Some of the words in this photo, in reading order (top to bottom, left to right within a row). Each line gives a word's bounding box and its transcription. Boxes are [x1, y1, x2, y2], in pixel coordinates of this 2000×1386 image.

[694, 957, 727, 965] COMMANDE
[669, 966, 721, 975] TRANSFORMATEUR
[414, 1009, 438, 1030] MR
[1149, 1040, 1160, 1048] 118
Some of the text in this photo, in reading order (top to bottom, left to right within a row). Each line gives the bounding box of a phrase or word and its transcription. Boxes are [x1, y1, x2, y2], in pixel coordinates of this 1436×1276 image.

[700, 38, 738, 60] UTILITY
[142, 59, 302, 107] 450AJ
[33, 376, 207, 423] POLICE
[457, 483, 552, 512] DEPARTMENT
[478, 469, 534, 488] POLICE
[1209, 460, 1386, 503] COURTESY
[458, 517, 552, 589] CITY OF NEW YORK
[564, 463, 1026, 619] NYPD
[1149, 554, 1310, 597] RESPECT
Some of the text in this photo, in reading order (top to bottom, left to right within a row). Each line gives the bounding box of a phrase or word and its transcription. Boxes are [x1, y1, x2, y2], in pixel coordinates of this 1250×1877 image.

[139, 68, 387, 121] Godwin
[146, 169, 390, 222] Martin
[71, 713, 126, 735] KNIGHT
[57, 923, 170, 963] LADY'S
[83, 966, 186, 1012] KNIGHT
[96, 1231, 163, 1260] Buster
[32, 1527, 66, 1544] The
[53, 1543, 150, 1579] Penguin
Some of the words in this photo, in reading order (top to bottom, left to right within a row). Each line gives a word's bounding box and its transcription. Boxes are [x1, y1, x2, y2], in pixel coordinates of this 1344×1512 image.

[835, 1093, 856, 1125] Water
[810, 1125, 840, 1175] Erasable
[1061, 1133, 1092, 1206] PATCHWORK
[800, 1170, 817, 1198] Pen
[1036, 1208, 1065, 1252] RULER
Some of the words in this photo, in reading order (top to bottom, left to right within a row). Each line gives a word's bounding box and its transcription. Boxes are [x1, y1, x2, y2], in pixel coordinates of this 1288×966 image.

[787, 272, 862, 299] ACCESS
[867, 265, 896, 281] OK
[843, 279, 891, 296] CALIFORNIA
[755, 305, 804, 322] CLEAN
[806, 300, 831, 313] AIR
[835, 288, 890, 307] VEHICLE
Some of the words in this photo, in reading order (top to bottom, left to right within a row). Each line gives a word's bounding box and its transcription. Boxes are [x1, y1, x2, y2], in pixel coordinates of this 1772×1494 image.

- [Activity] Starting at the line that contains "this 1344×1512 image.", copy each line exactly through the end of the listing above. Include that first line and the last one, and add nothing.

- [Task answer]
Some of the words in this photo, in reading order (top to bottom, left to right within a row). Each line gives a word's bounding box and its transcription. Boxes are [x1, y1, x2, y2], in pixel coordinates of this 1344×1512 image.

[835, 1093, 856, 1125] Water
[810, 1125, 840, 1175] Erasable
[1061, 1133, 1092, 1206] PATCHWORK
[800, 1170, 817, 1198] Pen
[1036, 1208, 1065, 1252] RULER
Some of the words in this photo, in reading order (top to bottom, left to right within a row). Each line gives a word's bounding box and its transcription. Boxes are [x1, y1, x2, y2], in pixel coordinates of this 1288×966 image.

[787, 272, 862, 299] ACCESS
[867, 265, 896, 281] OK
[843, 279, 891, 296] CALIFORNIA
[755, 305, 804, 322] CLEAN
[806, 300, 831, 313] AIR
[835, 288, 890, 307] VEHICLE
Some of the words in this photo, in reading order (top to bottom, left to right within a row). Each line gives a word's bounding box and its transcription. Boxes are [x1, y1, x2, y2], in pixel coordinates of this 1772×1494 image.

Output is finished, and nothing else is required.